Steve: Well, I know that definitely sounds interesting to me because it seems like anytime that MSDB grows to a certain size. It’s usually an indication that there’s something in there that is bigger than it should be whether it’s job history, or mail history, or other histories are being kept there. And I think that’s a common thing that people overlook and going in finding that and speeding up the email where the assumption is usually it’s going to be the query. But it turns out that sending the email is the real problem. I’ve seen that more than once and in MSDB in my experience.
Pinal: Absolutely.
Carlos: And I think Pinal puts an interesting twist on that first step and that is let the user explain what they think the problem is because at the least while, again in his example, it ended up being something different.

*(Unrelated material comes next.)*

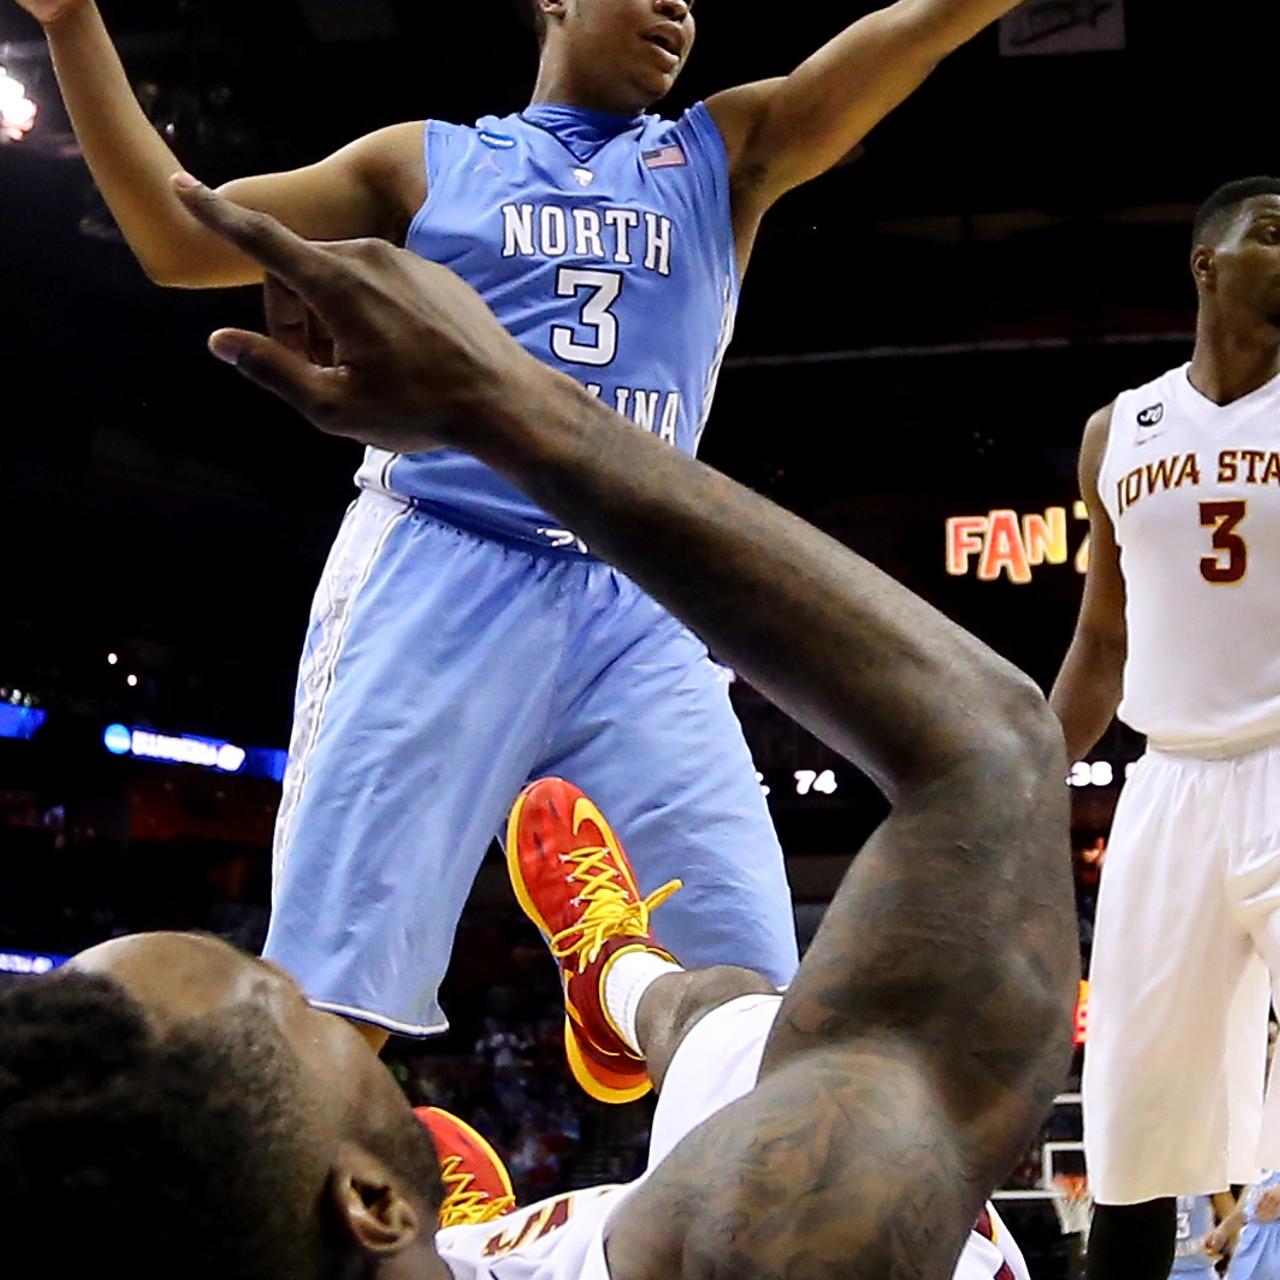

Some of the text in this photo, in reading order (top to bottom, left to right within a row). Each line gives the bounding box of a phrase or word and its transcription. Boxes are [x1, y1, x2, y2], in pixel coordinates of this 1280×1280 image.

They weren’t necessarily. Originally, they thought they’re going to be doing performance tuning on a query. It ended up being something very different. But when you report back to them, you need to indicate what you have found relates to the problem that they’ve identified so that they can feel like, “Ok, yes, now my problem is solved.”
Pinal: Absolutely. And that’s what that gives them more confidence and I think hearing. One of the things which I see with lot of customers and lot of consultants is a little bit arrogance in them and sometimes I do not like it. They think they know and the customer do not know and they go there with such a heavy ego and said, “I know what I’m doing just step aside. Let me fix it for you. Just participate when I’m done with this, doing this. I will show you the internal things.” Any consultant, maybe let’s say, a plumber does to my home, or carpenter, or maybe any pesticides consultant. When they do this kind of thing, I also feel little annoyed. Let me explain my problem. And I think that just let’s do even SQL Server because now I’m a consultant and I want to make sure that my customer or my client explains the problem, understands it, and I understand it. And I go back to them saying, “By doing this I fix your original problem.”

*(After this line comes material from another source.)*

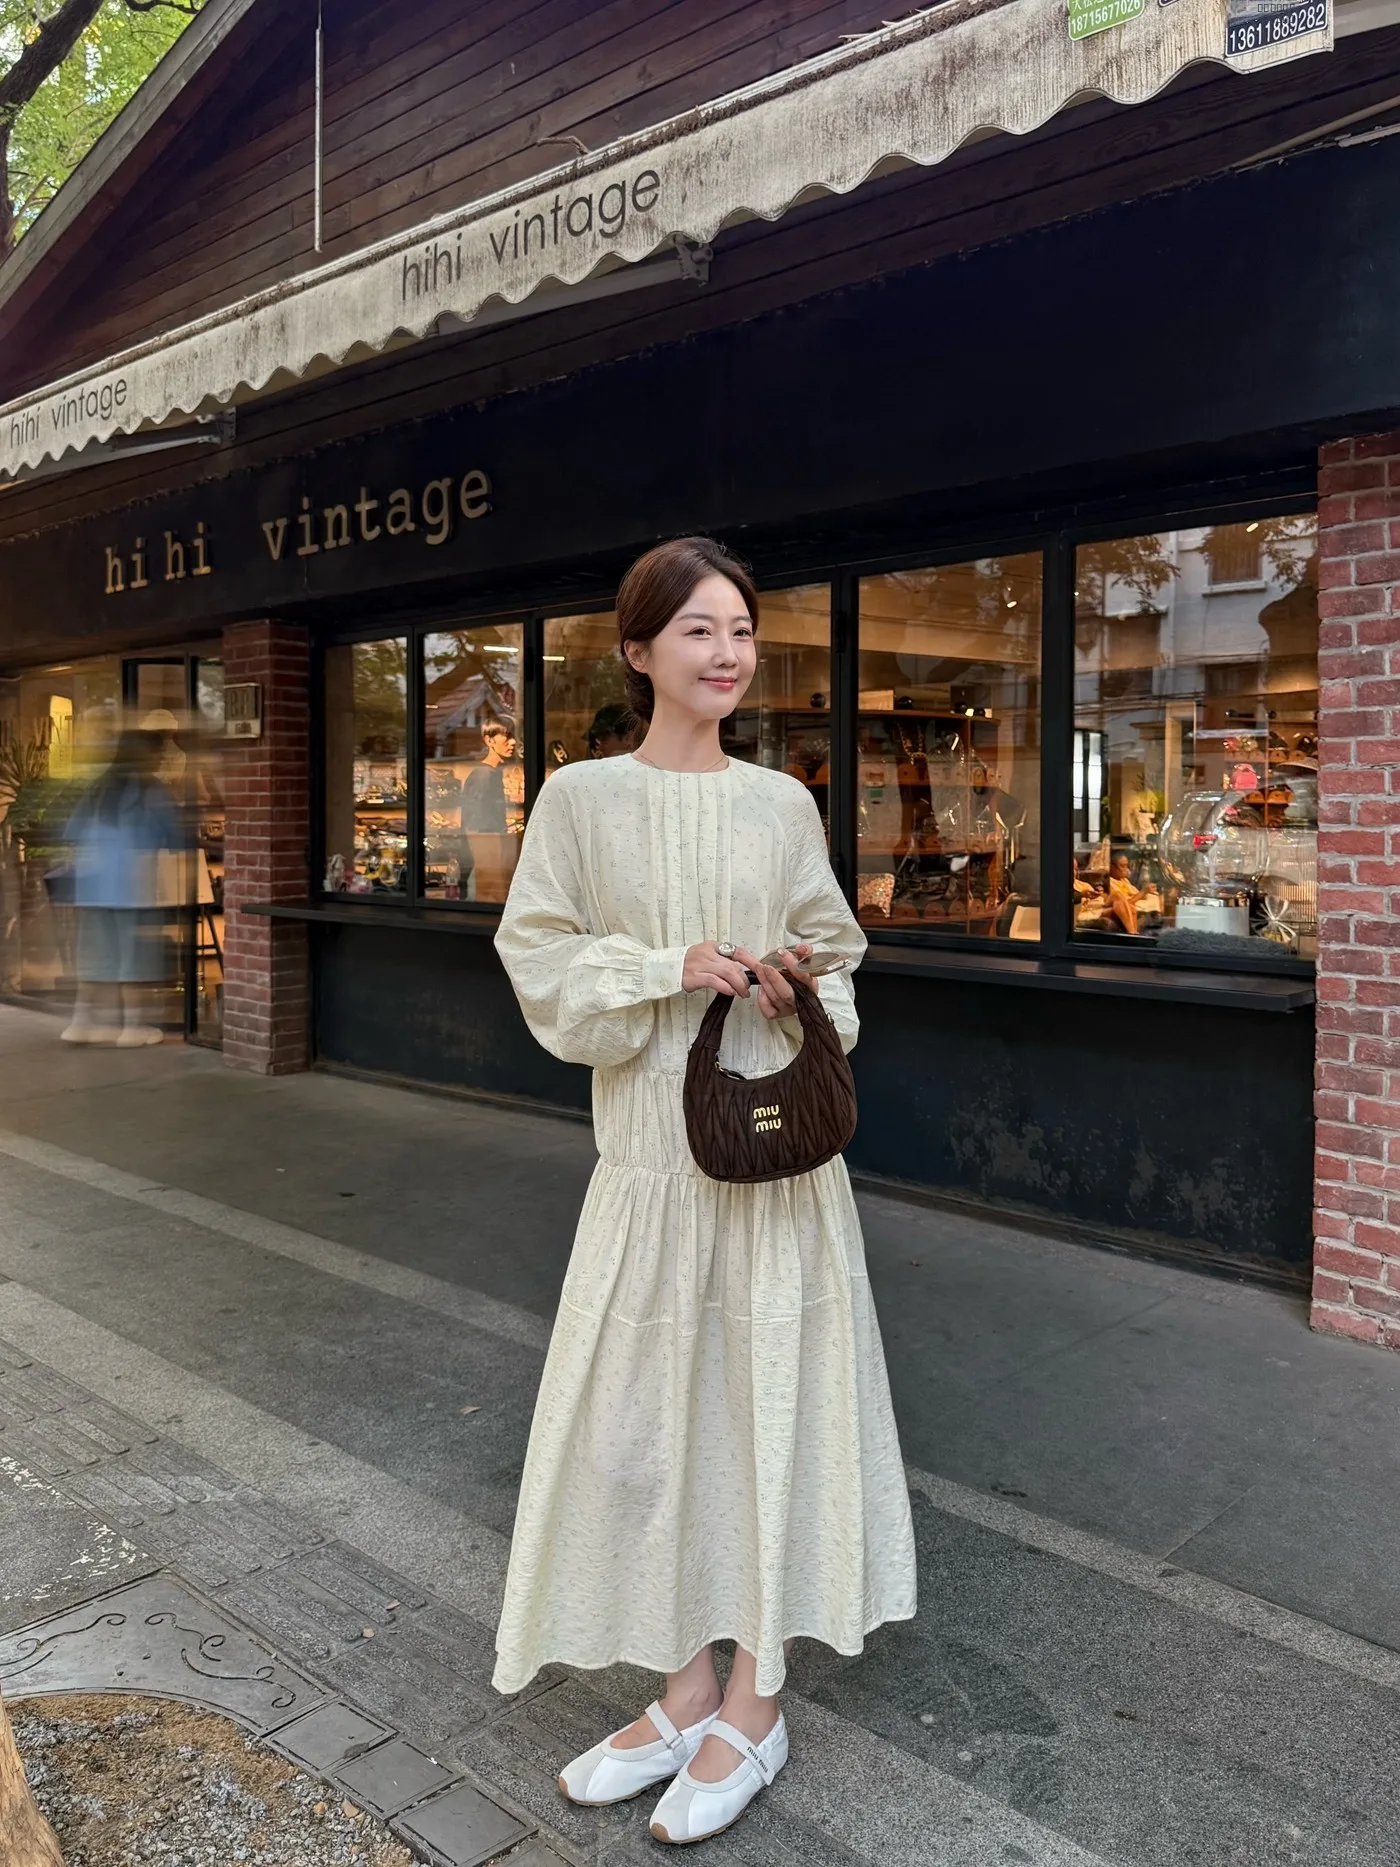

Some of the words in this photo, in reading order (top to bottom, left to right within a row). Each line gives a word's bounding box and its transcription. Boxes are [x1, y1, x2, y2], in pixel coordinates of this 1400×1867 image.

Steve: Yup. So listen, understand then go track it down and put your ego aside and all things will come out good.
Pinal: Absolutely. I think this is something, I think I shared with Steve as well as I never see like no matter what you do Steve, you never have any, or you always answer very politely. And you know so much about corruption which I learn just sitting with you like the other day. And you were so kind to just open a book and explain and that’s motivating me. See, this kind of thing about the community motivates me. People are willing to share and that’s what all about sharing and that’s why the SQL authorities are out like, “What I know, I want to share.” And just like all of you have been doing it. Like, Carlos this webcast is sharing, right? People are just learning out of hearing it. So, you know, we do a lot for community and we share. And I think it’s amazing that we have a feeling to give back to everybody.
Carlos: So, we’ve talked a little bit about a scenario in which we kind of dug in. You mentioned wait stats is an area that you want to start looking for performance tuning, I/O, and then your data, and the file allocation.
Carlos: Those seem like very. It almost, well, because not maybe a quite server setup but when I start thinking about performance tuning some of the, I just say the ground level problems if you will. You mentioned TempDB as well. Almost come back to how the SQL Server was set up.
Carlos: And interestingly enough we have a previous episode in which we kind of went through. And talk about the checklist if you will of this are the things that you should be, the knobs you should be turning when you install your SQL Server and which you should be looking for.
Carlos: It seems like in certain instances kind of going back to the beginning making sure everything is set up properly and then we can kind of get into the “hard stuff.”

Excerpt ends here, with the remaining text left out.